Sadly, famous author or not, the characters are one-dimensional and the villain might as well be twirling a big wiry mustache. It’s also hard to fathom how a gargantuan military complex with technology that’s superior to any government on the planet could remain hidden and isolated in the United States.

And then there’s the ending. Oh, how I wish I could discuss the ending.

But the fact that Shadow Complex employed some famous comic guy to write its story shows how committed Chair Entertainment was to making an exceptional game. It’s not a perfect game, but it’s a very fun one with outstanding technical design and the kind of top-end gameplay that can only be accomplished by the best in the business. It provides combat that is original to the genre, making Shadow Complex an experience that can’t be duplicated by any other game on the market.

As to the Remaster itself, very little new content has been added to Shadow Complex. Aside from some minor graphical updates, there are some new timed challenges and melee take-downs. If you’ve already played or own this game from the original release, the Remaster is not worth a second purchase. The campaign holds up great, but will have much more value to new players who haven’t experienced it yet.

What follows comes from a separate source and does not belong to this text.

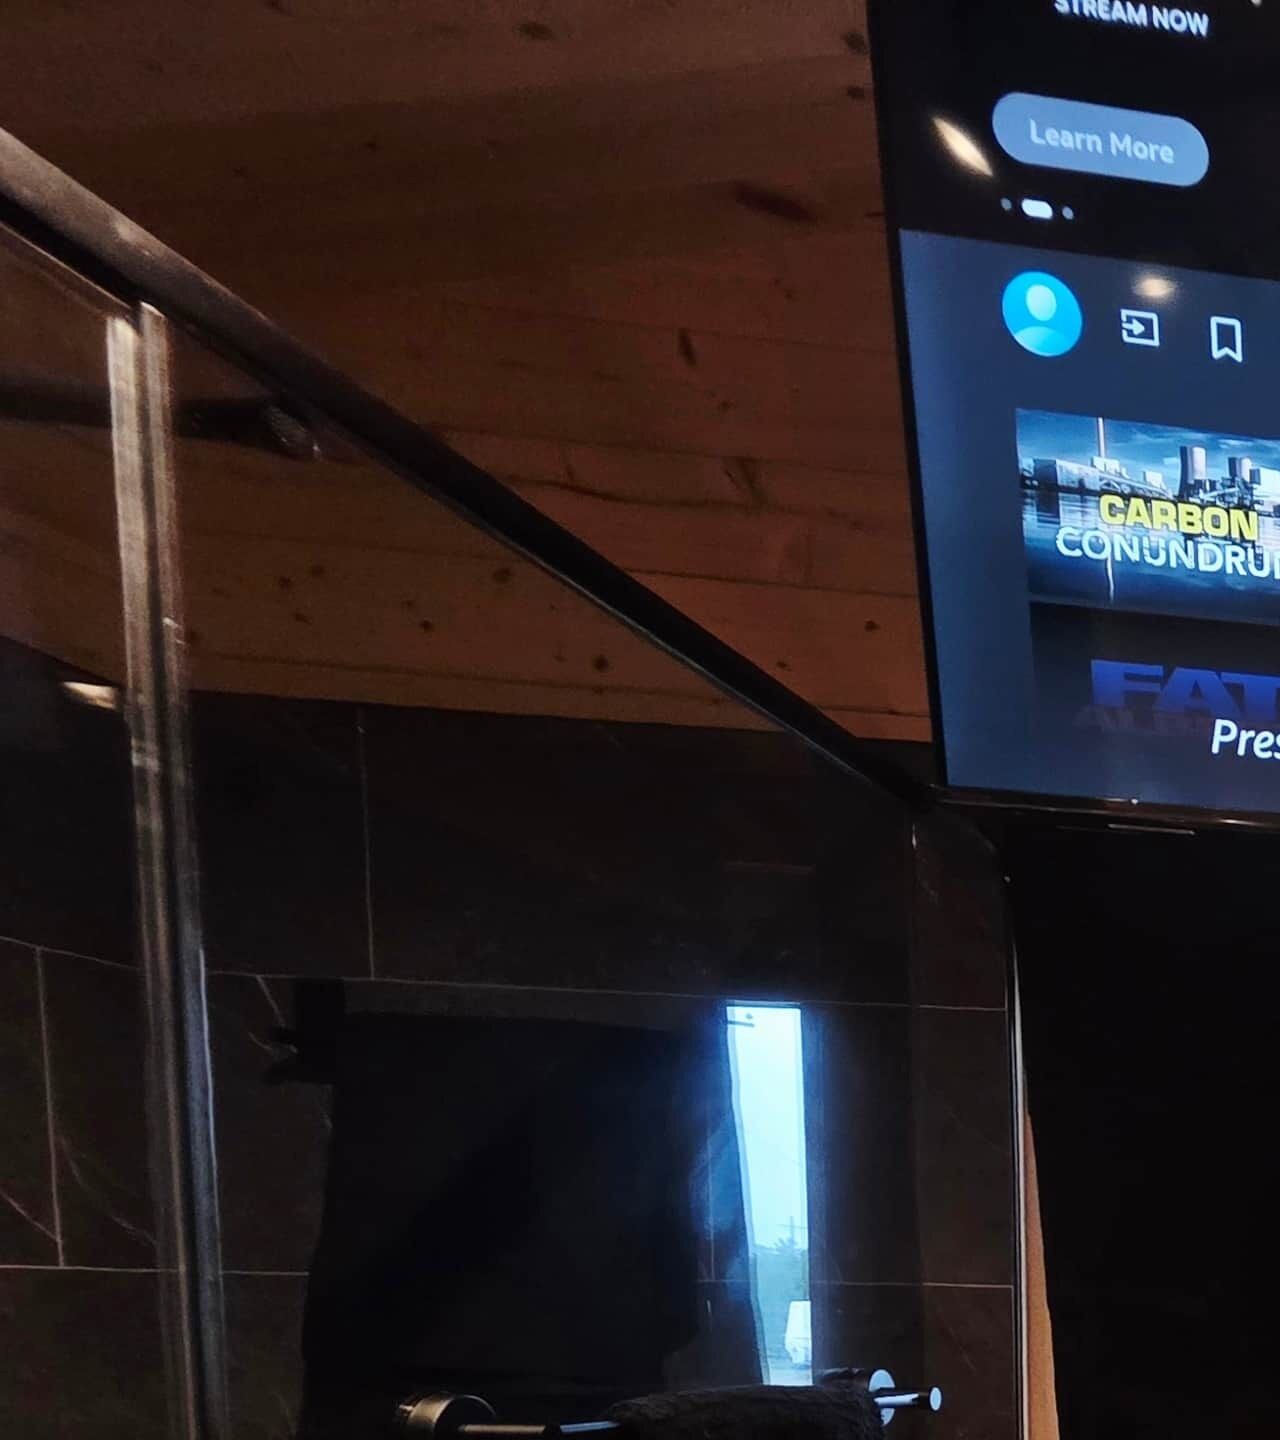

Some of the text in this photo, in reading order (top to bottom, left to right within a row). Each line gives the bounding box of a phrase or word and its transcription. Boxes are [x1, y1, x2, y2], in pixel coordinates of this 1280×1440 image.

When it’s all said, Shadow Complex Remastered is a success, blending combat and exploration in a masterful way that only the best games do. The fundamentals of game design are solid from start to finish, and anyone with a passing interest in the genre will find an enjoyable and worthwhile experience. The Remaster doesn’t stand out enough from the original release to warrant a second purchase, but that’s no skin off the teeth of new players. Small issues aside, Shadow Complex is a great game that will hopefully be enjoyed by a whole new wave of people.